DATA PROVIDED section start
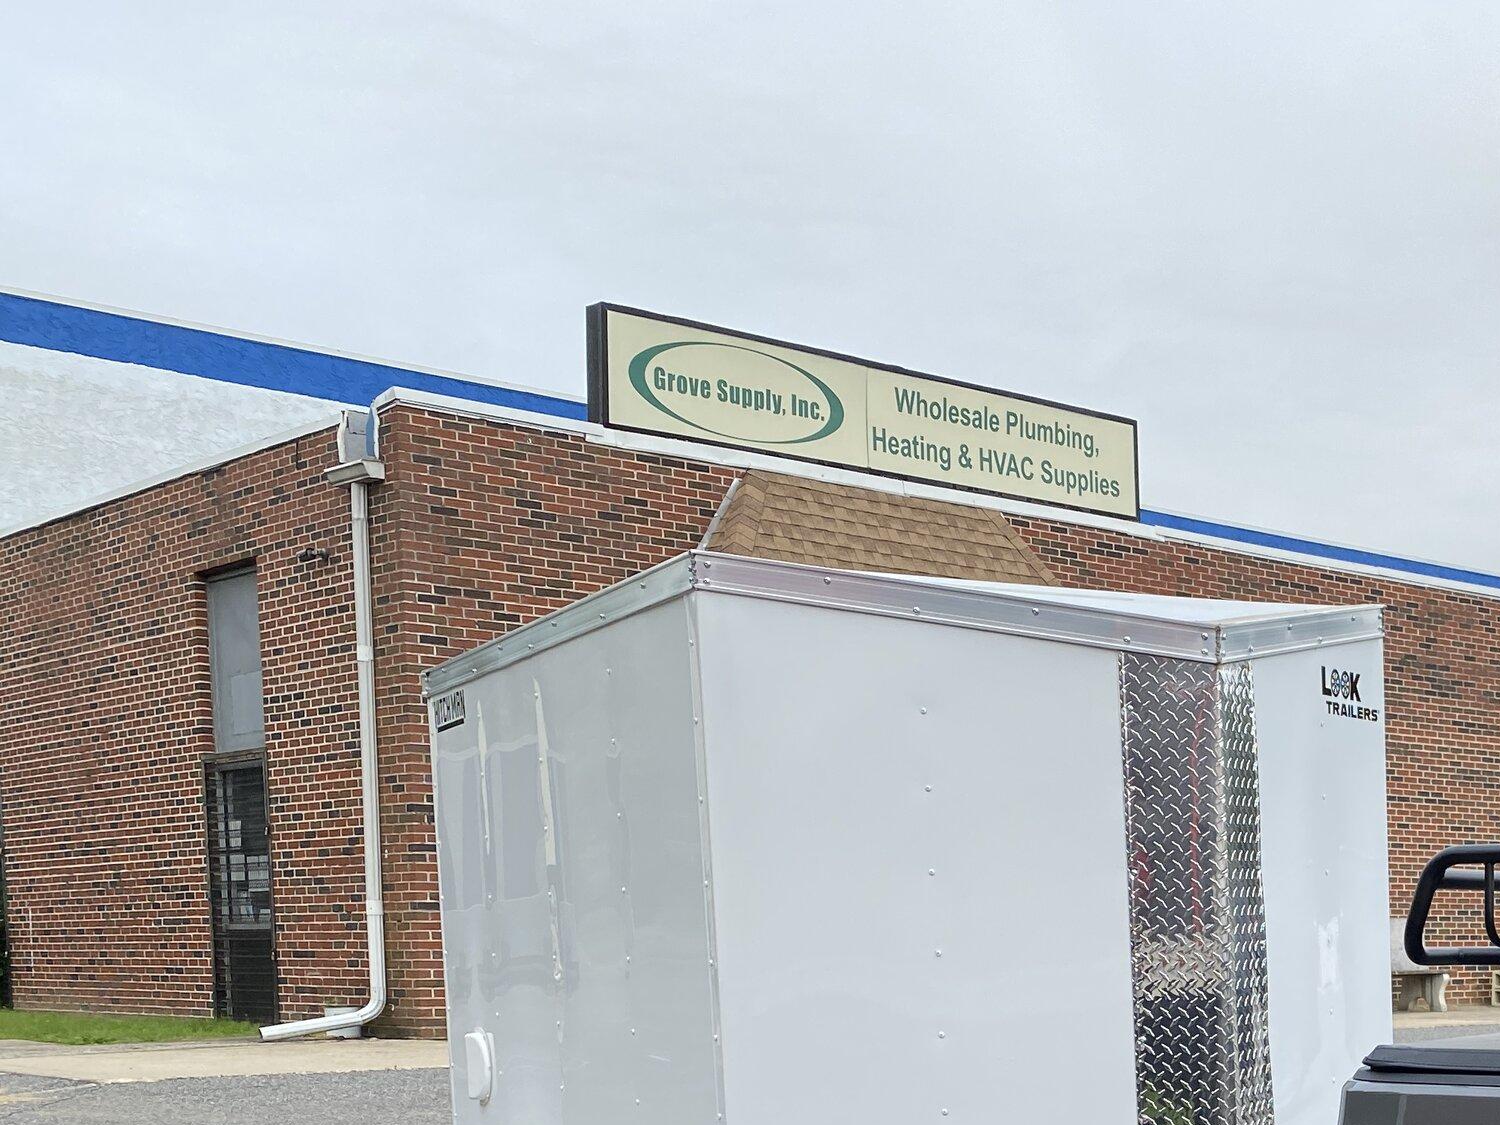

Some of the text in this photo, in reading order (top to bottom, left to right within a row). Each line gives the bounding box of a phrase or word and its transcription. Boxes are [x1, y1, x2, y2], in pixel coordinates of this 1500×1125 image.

[653, 366, 825, 421] Grove Supply, Inc.
[894, 386, 1099, 458] Wholesale Plumbing,
[872, 426, 1120, 497] Heating & HVAC Supplies
[1321, 665, 1361, 702] LOOK
[1326, 700, 1378, 721] TRAILERS
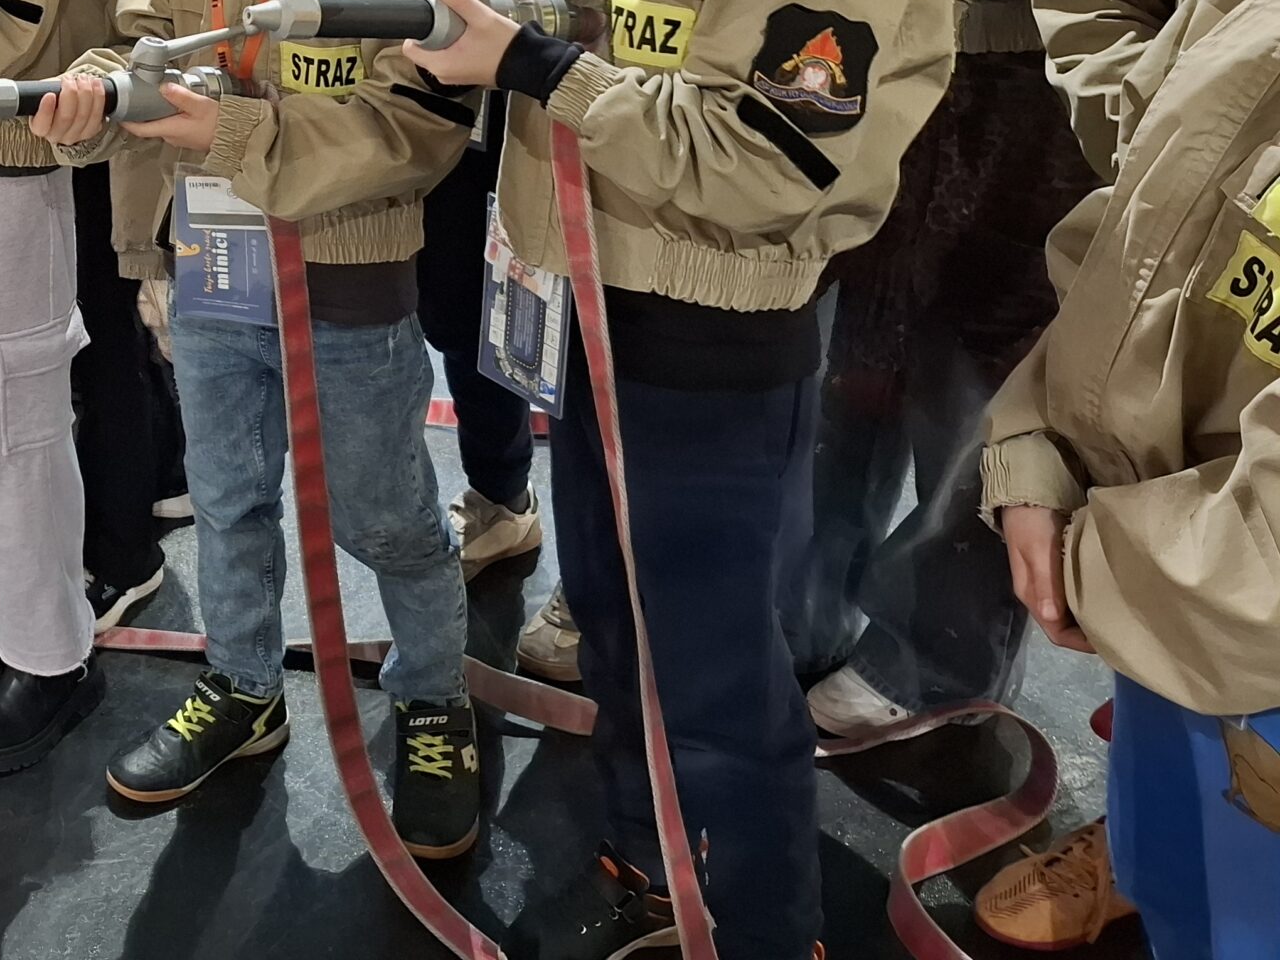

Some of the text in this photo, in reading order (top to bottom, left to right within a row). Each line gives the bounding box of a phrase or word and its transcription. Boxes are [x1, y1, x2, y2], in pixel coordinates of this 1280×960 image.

[291, 52, 358, 88] STRAZ
[194, 679, 222, 702] LOTTO
[408, 714, 449, 727] LOTTO
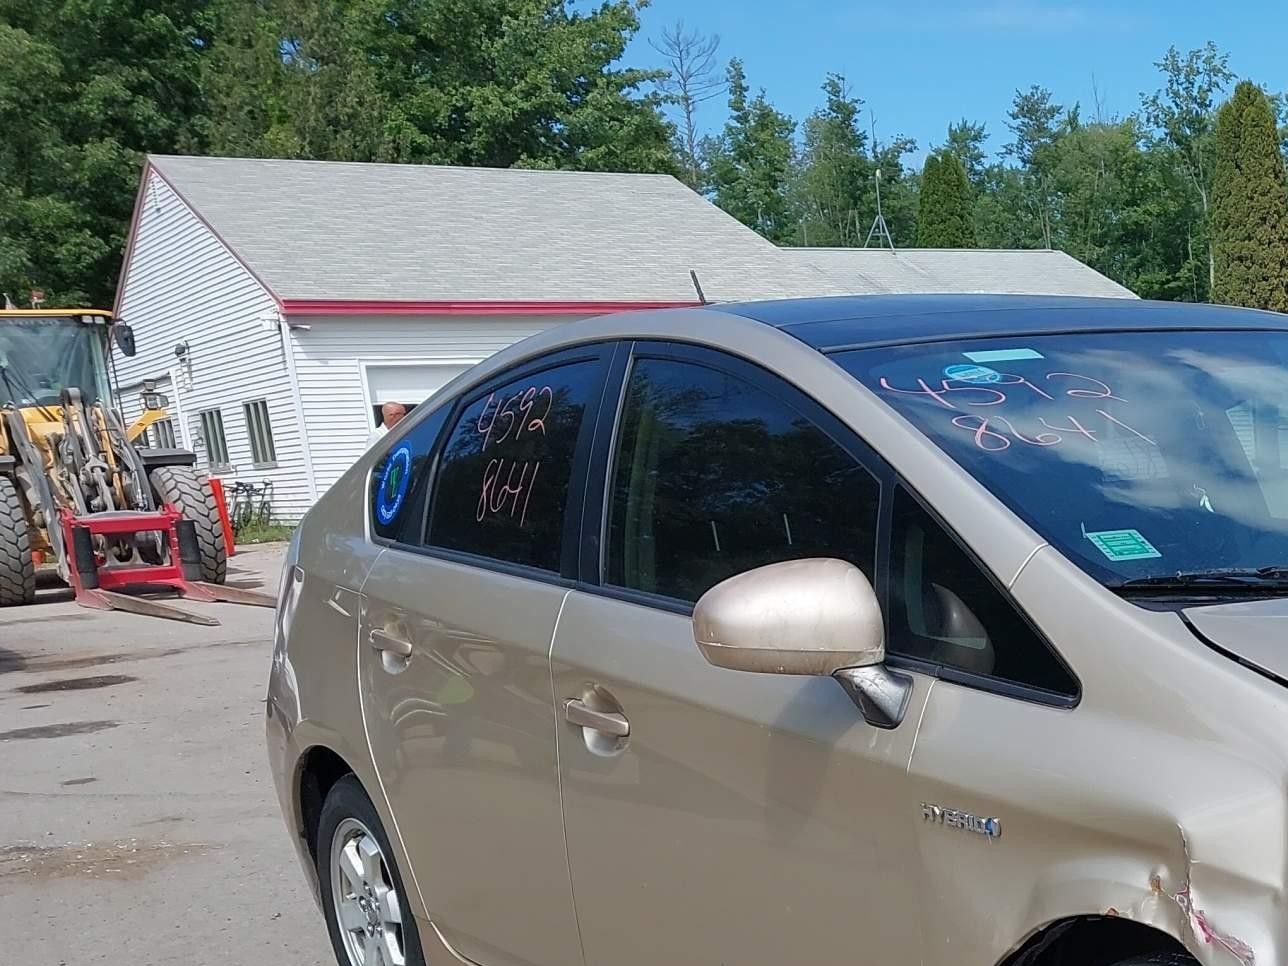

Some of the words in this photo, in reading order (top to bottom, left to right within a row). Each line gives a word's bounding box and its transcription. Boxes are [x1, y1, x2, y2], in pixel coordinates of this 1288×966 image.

[880, 372, 1129, 408] 4592
[477, 386, 553, 452] 4592
[952, 409, 1156, 451] 8641
[476, 458, 540, 527] 8641
DATA PROVIDED section end
=== ACTIVITY ===
The expected answer is the data retyped exactly, without pictures.

=== FINAL ANSWER ===
Some of the text in this photo, in reading order (top to bottom, left to right within a row). Each line gives the bounding box of a phrase or word and its transcription. Boxes are [x1, y1, x2, y2], in pixel coordinates of this 1500×1125 image.

[653, 366, 825, 421] Grove Supply, Inc.
[894, 386, 1099, 458] Wholesale Plumbing,
[872, 426, 1120, 497] Heating & HVAC Supplies
[1321, 665, 1361, 702] LOOK
[1326, 700, 1378, 721] TRAILERS

Some of the text in this photo, in reading order (top to bottom, left to right within a row). Each line gives the bounding box of a phrase or word and its transcription. Boxes are [x1, y1, x2, y2], in pixel coordinates of this 1280×960 image.

[291, 52, 358, 88] STRAZ
[194, 679, 222, 702] LOTTO
[408, 714, 449, 727] LOTTO

Some of the words in this photo, in reading order (top to bottom, left to right within a row). Each line gives a word's bounding box and its transcription. Boxes are [x1, y1, x2, y2], in pixel coordinates of this 1288×966 image.

[880, 372, 1129, 408] 4592
[477, 386, 553, 452] 4592
[952, 409, 1156, 451] 8641
[476, 458, 540, 527] 8641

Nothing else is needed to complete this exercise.